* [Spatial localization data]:
---------------
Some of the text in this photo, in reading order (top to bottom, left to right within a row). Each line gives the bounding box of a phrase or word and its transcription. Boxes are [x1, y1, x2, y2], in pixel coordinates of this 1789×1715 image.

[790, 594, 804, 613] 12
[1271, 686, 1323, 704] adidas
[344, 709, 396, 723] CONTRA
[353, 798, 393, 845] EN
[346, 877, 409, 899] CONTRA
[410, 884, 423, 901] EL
---------------
* [REQUIRED WORK]: Write all the entries again precisely as they were given.

* [RESULT OF THIS TASK]:
Some of the text in this photo, in reading order (top to bottom, left to right within a row). Each line gives the bounding box of a phrase or word and its transcription. Boxes are [x1, y1, x2, y2], in pixel coordinates of this 1789×1715 image.

[790, 594, 804, 613] 12
[1271, 686, 1323, 704] adidas
[344, 709, 396, 723] CONTRA
[353, 798, 393, 845] EN
[346, 877, 409, 899] CONTRA
[410, 884, 423, 901] EL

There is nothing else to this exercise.